Similarly, the inclusion in the footnote of the May Resolution that Gentle Supreme had already been enjoying possession of the property is not tantamount to gross ignorance of the law. As explained by respondent, it was an honest mistake too trivial to prejudice the resolution of the merits of the case.
The charge of partiality should likewise not prosper. We do not find any impropriety on the part of respondent when he observed that, instead of Consulta, it was complainant who was interested in the resolution of the TRO.
There was no evasion of duty when respondent inhibited from the case. As correctly put by the OCA, a judge’s inhibition is a judicial matter. It should not be treated as an administrative matter.19
What needs review is the finding of the OCA of undue delay by respondent in the resolution of the application of Consulta for a TRO. We find otherwise.
It is a settled principle that judges have the sworn duty to administer justice without undue delay. A judge who fails to do so has to suffer the consequences of his omission as any delay in the disposition of the cases undermines the people’s faith in the judiciary.20
Respondent practiced the principle. There was no delay on the part of respondent that would warrant an administrative sanction.
It is undisputed that respondent did not issue a resolution on the motion for a TRO. However, We cannot simply close our eyes to the legal maneuverings of complainant, and more importantly, to the peculiar circumstances obtaining in this case which should serve to exonerate respondent.

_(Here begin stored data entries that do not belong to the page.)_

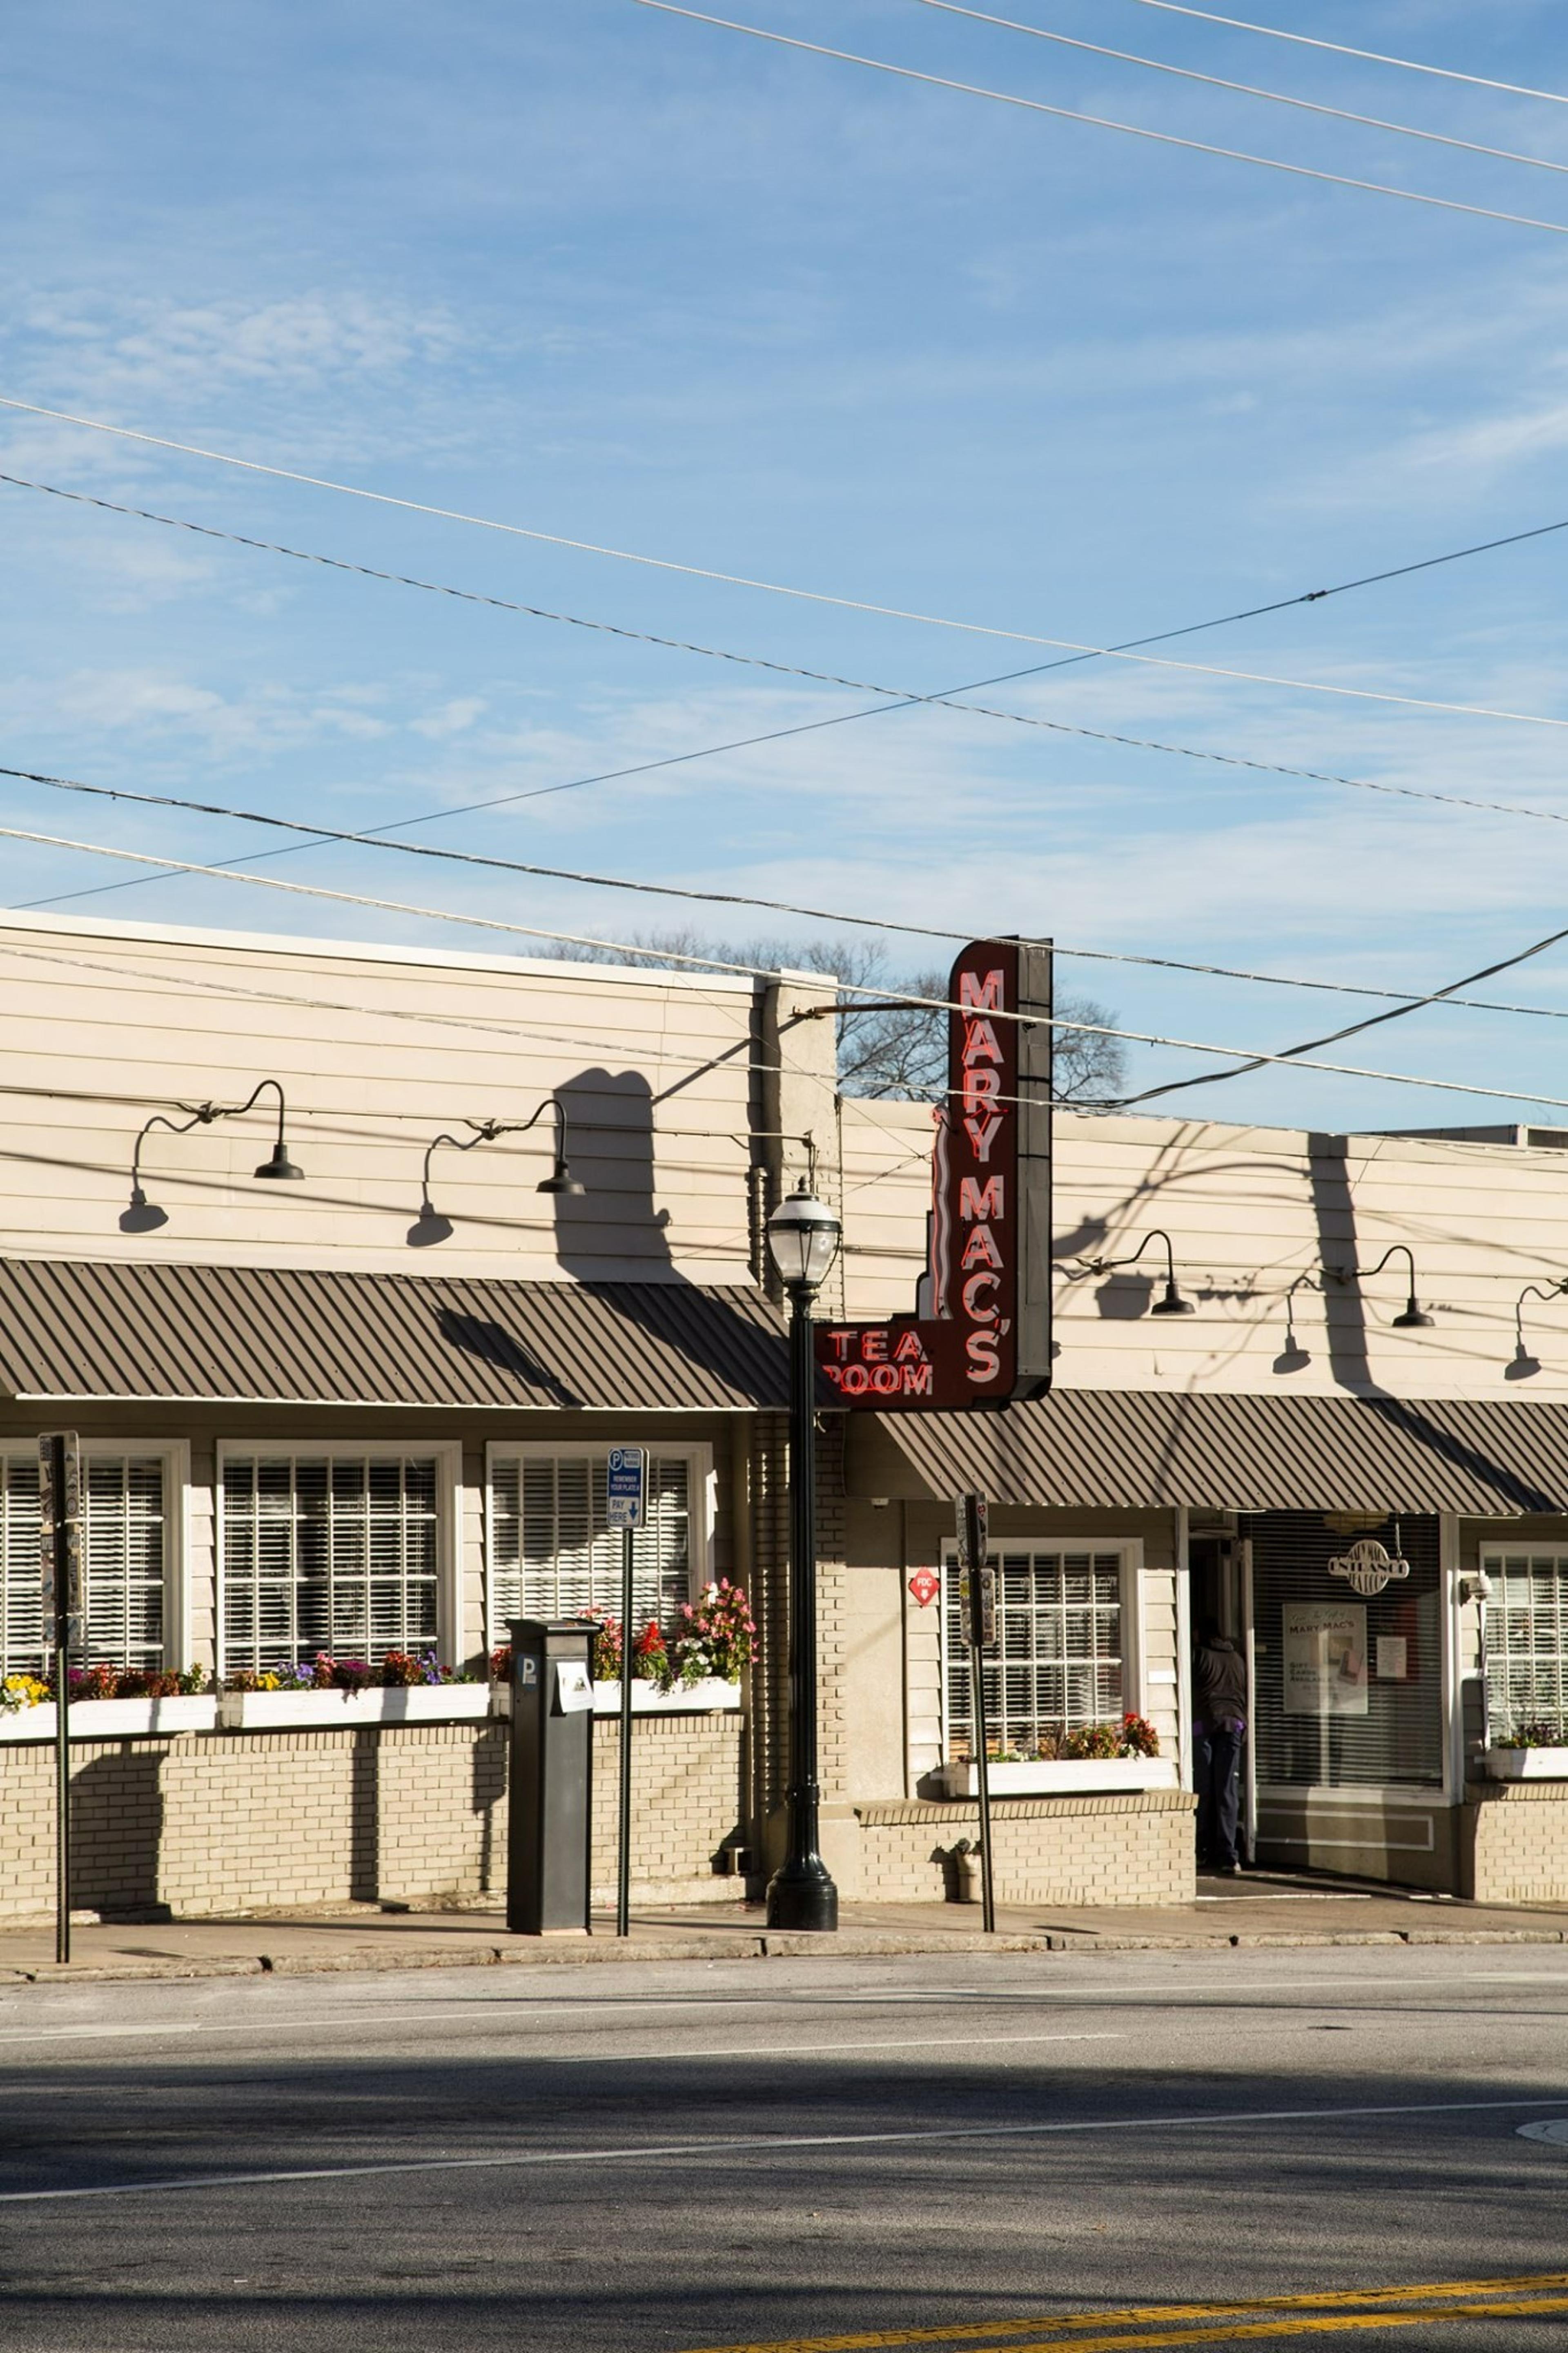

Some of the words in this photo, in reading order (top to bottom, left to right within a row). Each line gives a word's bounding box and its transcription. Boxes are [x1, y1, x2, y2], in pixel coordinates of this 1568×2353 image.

[960, 970, 1004, 1162] MARY
[960, 1175, 1011, 1383] MAC'S
[827, 1331, 928, 1361] TEA
[613, 1453, 620, 1466] P
[612, 1499, 625, 1509] PAY
[608, 1512, 627, 1522] HERE
[1330, 1561, 1403, 1573] ENTRANCE
[917, 1577, 932, 1587] FDC
[1290, 1625, 1319, 1634] MARY
[1323, 1620, 1354, 1630] MAC'S
[523, 1658, 535, 1684] P

We are faced with a situation where the party against whom a TRO is sought to be issued is himself insisting that the matter be resolved at once, and now complaining that there was undue delay in resolving the prayer for TRO. Indeed, We see reason in the observation of respondent in his May Resolution that in the ordinary course of things, it is unusual for the party to be enjoined to persist in having the TRO application resolved.

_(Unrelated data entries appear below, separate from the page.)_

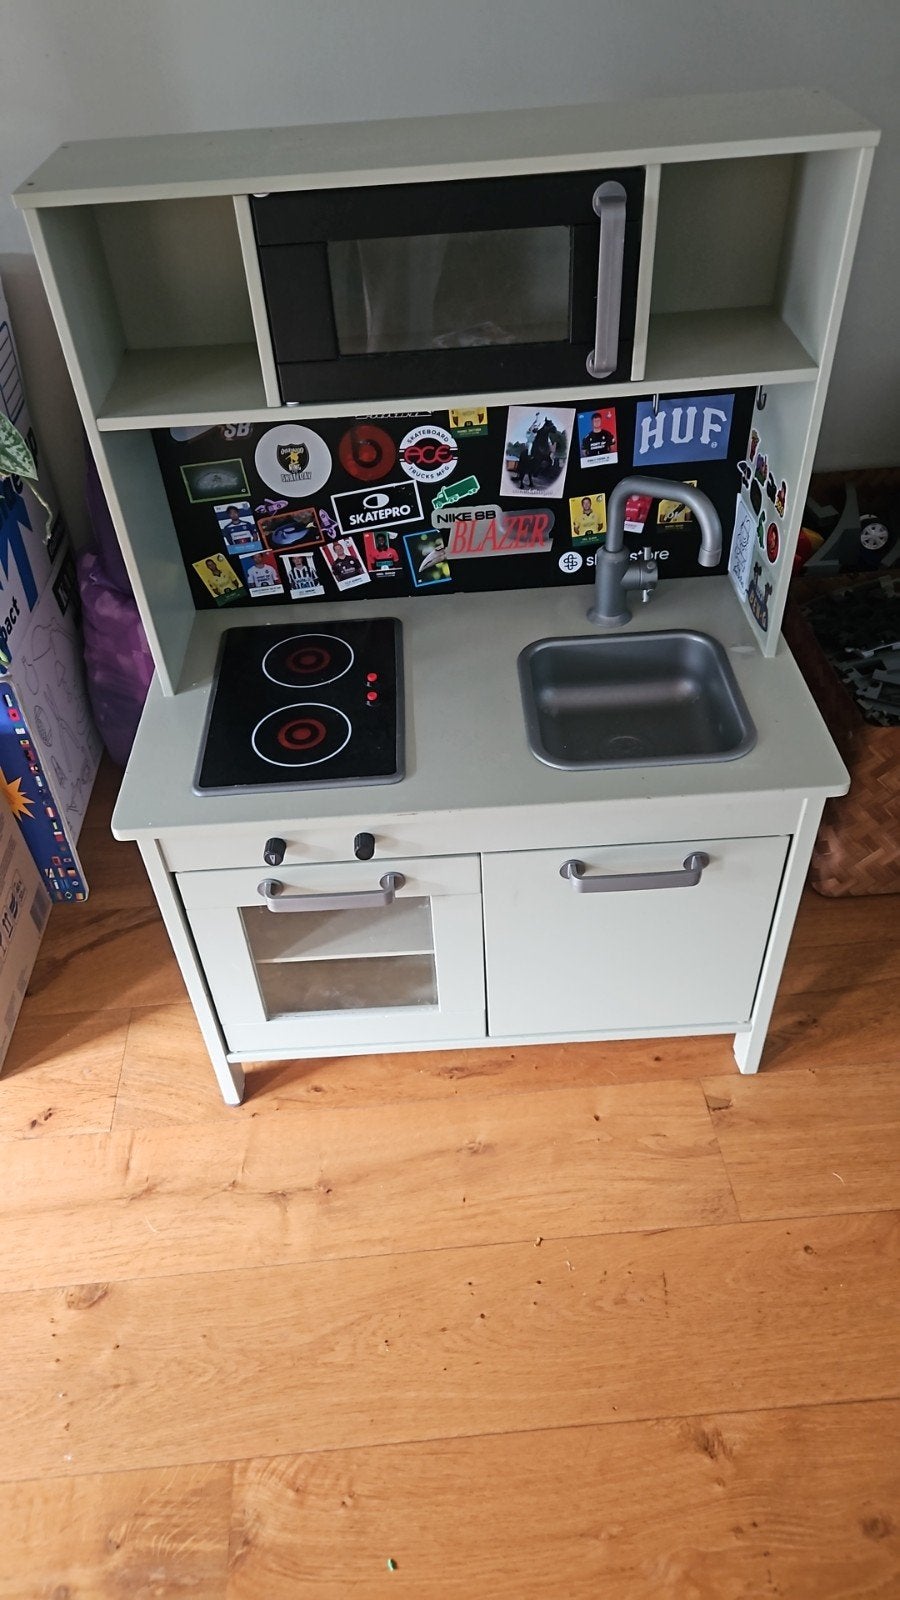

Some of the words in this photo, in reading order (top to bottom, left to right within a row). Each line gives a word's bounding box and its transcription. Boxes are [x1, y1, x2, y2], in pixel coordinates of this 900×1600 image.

[223, 422, 252, 439] SB
[407, 428, 450, 444] SKATEBOARD
[638, 406, 728, 455] HUF
[404, 444, 454, 465] ACE
[408, 466, 435, 479] TRUCKS
[436, 465, 450, 477] MFG
[349, 504, 411, 526] SKATEPRO
[436, 511, 473, 524] NIKE
[450, 513, 550, 555] BLAZER

Be that as it may, We cannot speculate on complainant’s ulterior motives. But this much we can deduce from the records: Complainant is the counsel for the winning party in the collection case before the RTC; and it was the losing party who filed for annulment of judgment accompanied by a prayer for TRO before the Court of Appeals. While complainant was praying for the resolution on the TRO, he was also acknowledging that the pending TRO application had become moot and academic. The public auction sale sought to be enjoined had in fact been already implemented. Seemingly, complainant was seeking a formal denial of the application for a TRO, but no denial in such form was issued by respondent. Obviously, complainant did not appreciate the fact that absence of action on the prayer for TRO amounts to a denial of the same. As a matter of fact, respondent was not prevented from executing the decision, which was sought to be annulled, as he was able to proceed with the auction sale. Indeed, even the "judicial courtesy" portion of the August Resolution did not prevent the auction sale of Consulta’s property. Complainant stood to benefit, as he did benefit, from the inaction on the TRO application.

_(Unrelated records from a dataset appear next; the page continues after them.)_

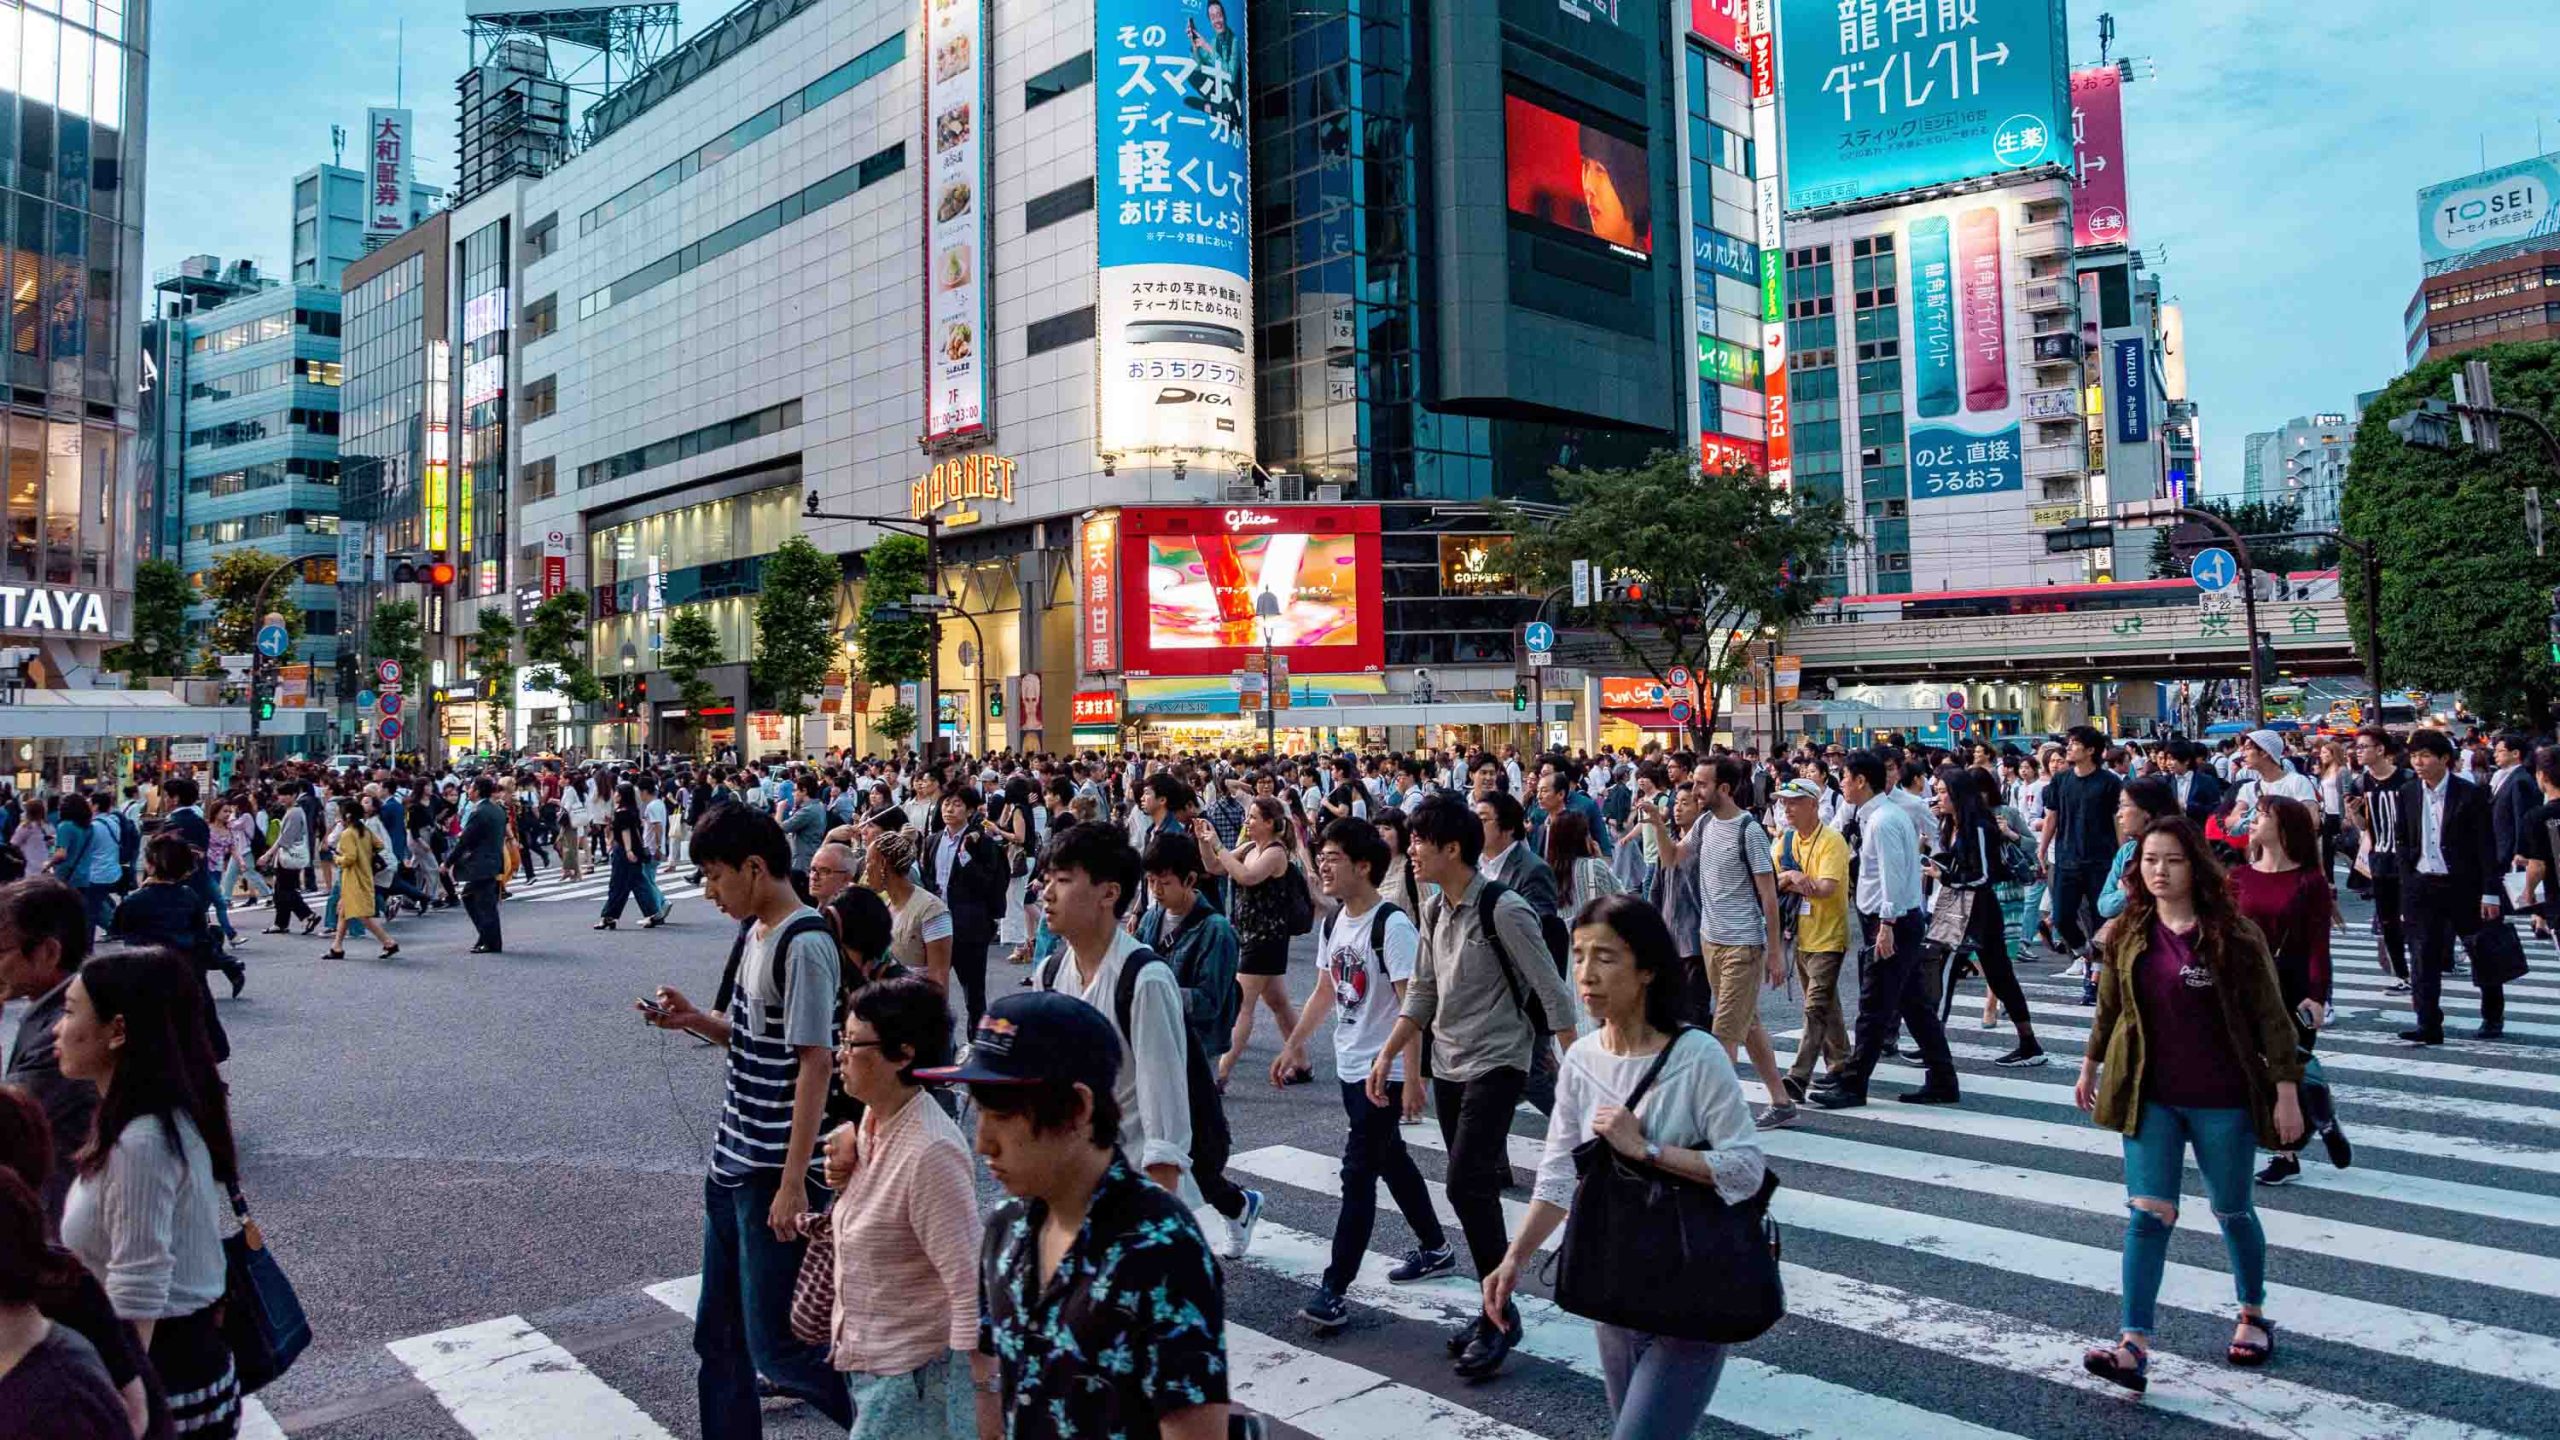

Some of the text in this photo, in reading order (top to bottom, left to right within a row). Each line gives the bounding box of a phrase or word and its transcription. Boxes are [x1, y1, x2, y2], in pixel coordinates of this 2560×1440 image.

[1116, 25, 1167, 49] その
[1756, 50, 1771, 97] アイフル
[1821, 36, 2010, 122] ダイレクト
[1117, 101, 1243, 149] ディーガが
[1838, 119, 1917, 150] スティック
[1997, 128, 2045, 156] 生薬
[1117, 139, 1244, 206] 軽くして
[2444, 187, 2533, 224] TOSEI
[2090, 214, 2122, 232] 生薬
[2125, 346, 2138, 388] MIZUHO
[948, 388, 960, 406] 7F
[1155, 387, 1233, 407] DIGA
[1769, 395, 1786, 438] アコム
[1916, 439, 2020, 468] のど、直接、
[910, 454, 1017, 521] MAGNET
[1926, 467, 2005, 494] うるおう
[1225, 510, 1280, 532] Glico
[2095, 508, 2107, 518] 3F
[1090, 545, 1110, 666] 天津甘栗
[2113, 616, 2143, 634] JR
[1169, 727, 1192, 737] TAX
[1196, 727, 1222, 737] Free

Assuming arguendo that a formal resolution of the TRO was necessary, respondent did not actually incur delay. Subsequent to the issuance of the August 2006 Resolution and before respondent could decide on the TRO, complainant filed a motion for summary judgment on 18 September 2006, a motion for early resolution, and a reiteration of the motion for early resolution. All these motions were tackled in the April Resolution, where the appellate court directed that Consulta file his comment, and that a special process even be effected personally. The motion for summary judgment, the resolution of which would have included the ancillary issue of the TRO, effectively extended the time within which to issue, assuming it to be needed, the formal resolution of the TRO. Respondent had to wait for the expiration of the period to comment before he could issue a resolution. There was yet, at that time, no delay on the part of respondent.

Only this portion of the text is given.